Repeat every line of the material below exactly.

**** Working data

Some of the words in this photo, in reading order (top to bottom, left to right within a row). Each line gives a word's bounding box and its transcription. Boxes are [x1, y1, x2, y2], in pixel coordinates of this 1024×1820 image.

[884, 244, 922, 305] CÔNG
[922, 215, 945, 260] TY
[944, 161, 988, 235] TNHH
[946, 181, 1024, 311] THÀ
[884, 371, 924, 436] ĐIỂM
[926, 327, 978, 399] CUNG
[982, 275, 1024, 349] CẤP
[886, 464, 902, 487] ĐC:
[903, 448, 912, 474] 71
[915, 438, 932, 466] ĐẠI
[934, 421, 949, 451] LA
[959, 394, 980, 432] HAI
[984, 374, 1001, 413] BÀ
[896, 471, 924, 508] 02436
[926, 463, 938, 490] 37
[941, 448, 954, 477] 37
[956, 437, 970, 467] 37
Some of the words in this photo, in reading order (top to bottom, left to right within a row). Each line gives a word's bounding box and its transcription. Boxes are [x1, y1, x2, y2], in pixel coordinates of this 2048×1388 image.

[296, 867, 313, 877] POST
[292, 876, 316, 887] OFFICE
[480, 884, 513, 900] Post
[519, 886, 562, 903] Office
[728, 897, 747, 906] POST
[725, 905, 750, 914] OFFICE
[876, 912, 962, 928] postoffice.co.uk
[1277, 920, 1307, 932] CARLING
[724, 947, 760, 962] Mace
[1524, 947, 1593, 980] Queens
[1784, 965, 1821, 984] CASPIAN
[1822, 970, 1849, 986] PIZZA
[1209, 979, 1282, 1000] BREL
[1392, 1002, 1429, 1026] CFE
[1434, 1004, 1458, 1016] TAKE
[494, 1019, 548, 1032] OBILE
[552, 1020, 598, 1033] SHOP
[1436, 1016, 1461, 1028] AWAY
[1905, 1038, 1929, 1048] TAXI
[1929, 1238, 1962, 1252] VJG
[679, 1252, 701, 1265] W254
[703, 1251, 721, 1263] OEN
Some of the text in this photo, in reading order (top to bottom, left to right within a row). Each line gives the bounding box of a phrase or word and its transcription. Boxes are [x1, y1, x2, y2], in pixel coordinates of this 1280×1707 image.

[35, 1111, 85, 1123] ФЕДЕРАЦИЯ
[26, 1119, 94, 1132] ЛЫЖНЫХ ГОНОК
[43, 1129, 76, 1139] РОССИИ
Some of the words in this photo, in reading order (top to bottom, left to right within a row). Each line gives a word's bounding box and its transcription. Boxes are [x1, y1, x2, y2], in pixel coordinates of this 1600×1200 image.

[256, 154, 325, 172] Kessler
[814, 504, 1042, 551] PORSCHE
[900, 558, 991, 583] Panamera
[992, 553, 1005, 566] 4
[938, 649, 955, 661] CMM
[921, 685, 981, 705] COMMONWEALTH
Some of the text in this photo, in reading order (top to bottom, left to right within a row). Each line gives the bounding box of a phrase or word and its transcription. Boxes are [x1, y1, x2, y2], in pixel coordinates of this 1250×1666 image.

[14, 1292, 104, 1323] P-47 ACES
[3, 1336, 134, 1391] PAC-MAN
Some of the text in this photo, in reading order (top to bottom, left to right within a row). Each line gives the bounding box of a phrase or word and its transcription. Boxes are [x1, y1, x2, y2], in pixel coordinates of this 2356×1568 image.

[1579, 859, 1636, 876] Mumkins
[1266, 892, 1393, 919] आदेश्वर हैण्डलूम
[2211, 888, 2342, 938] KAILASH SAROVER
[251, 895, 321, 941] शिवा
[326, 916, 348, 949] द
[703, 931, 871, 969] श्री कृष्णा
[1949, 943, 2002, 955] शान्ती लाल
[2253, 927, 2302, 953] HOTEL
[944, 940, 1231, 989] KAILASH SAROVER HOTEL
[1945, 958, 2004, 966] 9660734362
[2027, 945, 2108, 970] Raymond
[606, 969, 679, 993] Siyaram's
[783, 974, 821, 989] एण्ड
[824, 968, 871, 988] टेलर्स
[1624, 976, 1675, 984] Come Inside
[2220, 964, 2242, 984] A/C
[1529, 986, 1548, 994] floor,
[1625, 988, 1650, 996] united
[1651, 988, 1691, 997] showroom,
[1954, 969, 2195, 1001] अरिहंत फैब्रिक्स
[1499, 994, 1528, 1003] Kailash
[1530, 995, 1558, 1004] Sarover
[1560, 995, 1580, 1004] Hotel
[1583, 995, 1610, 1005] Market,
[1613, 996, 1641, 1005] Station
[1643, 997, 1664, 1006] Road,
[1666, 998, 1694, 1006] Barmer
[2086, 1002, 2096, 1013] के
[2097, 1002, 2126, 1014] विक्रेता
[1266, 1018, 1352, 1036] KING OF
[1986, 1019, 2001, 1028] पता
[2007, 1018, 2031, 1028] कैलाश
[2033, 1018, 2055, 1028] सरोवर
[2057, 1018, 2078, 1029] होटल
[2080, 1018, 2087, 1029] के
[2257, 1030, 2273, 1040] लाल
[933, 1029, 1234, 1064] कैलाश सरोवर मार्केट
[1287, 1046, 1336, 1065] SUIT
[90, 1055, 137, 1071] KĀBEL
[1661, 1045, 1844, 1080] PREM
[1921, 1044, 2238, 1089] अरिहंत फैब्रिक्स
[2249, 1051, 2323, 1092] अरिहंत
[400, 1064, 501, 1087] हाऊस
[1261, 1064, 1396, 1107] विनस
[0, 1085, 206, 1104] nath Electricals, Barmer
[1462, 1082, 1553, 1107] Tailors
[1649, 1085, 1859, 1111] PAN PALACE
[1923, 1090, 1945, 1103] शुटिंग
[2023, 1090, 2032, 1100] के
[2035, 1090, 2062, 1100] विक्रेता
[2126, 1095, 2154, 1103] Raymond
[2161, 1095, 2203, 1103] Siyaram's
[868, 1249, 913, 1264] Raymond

********

Output of the exercise »
Some of the words in this photo, in reading order (top to bottom, left to right within a row). Each line gives a word's bounding box and its transcription. Boxes are [x1, y1, x2, y2], in pixel coordinates of this 1024×1820 image.

[884, 244, 922, 305] CÔNG
[922, 215, 945, 260] TY
[944, 161, 988, 235] TNHH
[946, 181, 1024, 311] THÀ
[884, 371, 924, 436] ĐIỂM
[926, 327, 978, 399] CUNG
[982, 275, 1024, 349] CẤP
[886, 464, 902, 487] ĐC:
[903, 448, 912, 474] 71
[915, 438, 932, 466] ĐẠI
[934, 421, 949, 451] LA
[959, 394, 980, 432] HAI
[984, 374, 1001, 413] BÀ
[896, 471, 924, 508] 02436
[926, 463, 938, 490] 37
[941, 448, 954, 477] 37
[956, 437, 970, 467] 37
Some of the words in this photo, in reading order (top to bottom, left to right within a row). Each line gives a word's bounding box and its transcription. Boxes are [x1, y1, x2, y2], in pixel coordinates of this 2048×1388 image.

[296, 867, 313, 877] POST
[292, 876, 316, 887] OFFICE
[480, 884, 513, 900] Post
[519, 886, 562, 903] Office
[728, 897, 747, 906] POST
[725, 905, 750, 914] OFFICE
[876, 912, 962, 928] postoffice.co.uk
[1277, 920, 1307, 932] CARLING
[724, 947, 760, 962] Mace
[1524, 947, 1593, 980] Queens
[1784, 965, 1821, 984] CASPIAN
[1822, 970, 1849, 986] PIZZA
[1209, 979, 1282, 1000] BREL
[1392, 1002, 1429, 1026] CFE
[1434, 1004, 1458, 1016] TAKE
[494, 1019, 548, 1032] OBILE
[552, 1020, 598, 1033] SHOP
[1436, 1016, 1461, 1028] AWAY
[1905, 1038, 1929, 1048] TAXI
[1929, 1238, 1962, 1252] VJG
[679, 1252, 701, 1265] W254
[703, 1251, 721, 1263] OEN
Some of the text in this photo, in reading order (top to bottom, left to right within a row). Each line gives the bounding box of a phrase or word and its transcription. Boxes are [x1, y1, x2, y2], in pixel coordinates of this 1280×1707 image.

[35, 1111, 85, 1123] ФЕДЕРАЦИЯ
[26, 1119, 94, 1132] ЛЫЖНЫХ ГОНОК
[43, 1129, 76, 1139] РОССИИ
Some of the words in this photo, in reading order (top to bottom, left to right within a row). Each line gives a word's bounding box and its transcription. Boxes are [x1, y1, x2, y2], in pixel coordinates of this 1600×1200 image.

[256, 154, 325, 172] Kessler
[814, 504, 1042, 551] PORSCHE
[900, 558, 991, 583] Panamera
[992, 553, 1005, 566] 4
[938, 649, 955, 661] CMM
[921, 685, 981, 705] COMMONWEALTH
Some of the text in this photo, in reading order (top to bottom, left to right within a row). Each line gives the bounding box of a phrase or word and its transcription. Boxes are [x1, y1, x2, y2], in pixel coordinates of this 1250×1666 image.

[14, 1292, 104, 1323] P-47 ACES
[3, 1336, 134, 1391] PAC-MAN
Some of the text in this photo, in reading order (top to bottom, left to right within a row). Each line gives the bounding box of a phrase or word and its transcription. Boxes are [x1, y1, x2, y2], in pixel coordinates of this 2356×1568 image.

[1579, 859, 1636, 876] Mumkins
[1266, 892, 1393, 919] आदेश्वर हैण्डलूम
[2211, 888, 2342, 938] KAILASH SAROVER
[251, 895, 321, 941] शिवा
[326, 916, 348, 949] द
[703, 931, 871, 969] श्री कृष्णा
[1949, 943, 2002, 955] शान्ती लाल
[2253, 927, 2302, 953] HOTEL
[944, 940, 1231, 989] KAILASH SAROVER HOTEL
[1945, 958, 2004, 966] 9660734362
[2027, 945, 2108, 970] Raymond
[606, 969, 679, 993] Siyaram's
[783, 974, 821, 989] एण्ड
[824, 968, 871, 988] टेलर्स
[1624, 976, 1675, 984] Come Inside
[2220, 964, 2242, 984] A/C
[1529, 986, 1548, 994] floor,
[1625, 988, 1650, 996] united
[1651, 988, 1691, 997] showroom,
[1954, 969, 2195, 1001] अरिहंत फैब्रिक्स
[1499, 994, 1528, 1003] Kailash
[1530, 995, 1558, 1004] Sarover
[1560, 995, 1580, 1004] Hotel
[1583, 995, 1610, 1005] Market,
[1613, 996, 1641, 1005] Station
[1643, 997, 1664, 1006] Road,
[1666, 998, 1694, 1006] Barmer
[2086, 1002, 2096, 1013] के
[2097, 1002, 2126, 1014] विक्रेता
[1266, 1018, 1352, 1036] KING OF
[1986, 1019, 2001, 1028] पता
[2007, 1018, 2031, 1028] कैलाश
[2033, 1018, 2055, 1028] सरोवर
[2057, 1018, 2078, 1029] होटल
[2080, 1018, 2087, 1029] के
[2257, 1030, 2273, 1040] लाल
[933, 1029, 1234, 1064] कैलाश सरोवर मार्केट
[1287, 1046, 1336, 1065] SUIT
[90, 1055, 137, 1071] KĀBEL
[1661, 1045, 1844, 1080] PREM
[1921, 1044, 2238, 1089] अरिहंत फैब्रिक्स
[2249, 1051, 2323, 1092] अरिहंत
[400, 1064, 501, 1087] हाऊस
[1261, 1064, 1396, 1107] विनस
[0, 1085, 206, 1104] nath Electricals, Barmer
[1462, 1082, 1553, 1107] Tailors
[1649, 1085, 1859, 1111] PAN PALACE
[1923, 1090, 1945, 1103] शुटिंग
[2023, 1090, 2032, 1100] के
[2035, 1090, 2062, 1100] विक्रेता
[2126, 1095, 2154, 1103] Raymond
[2161, 1095, 2203, 1103] Siyaram's
[868, 1249, 913, 1264] Raymond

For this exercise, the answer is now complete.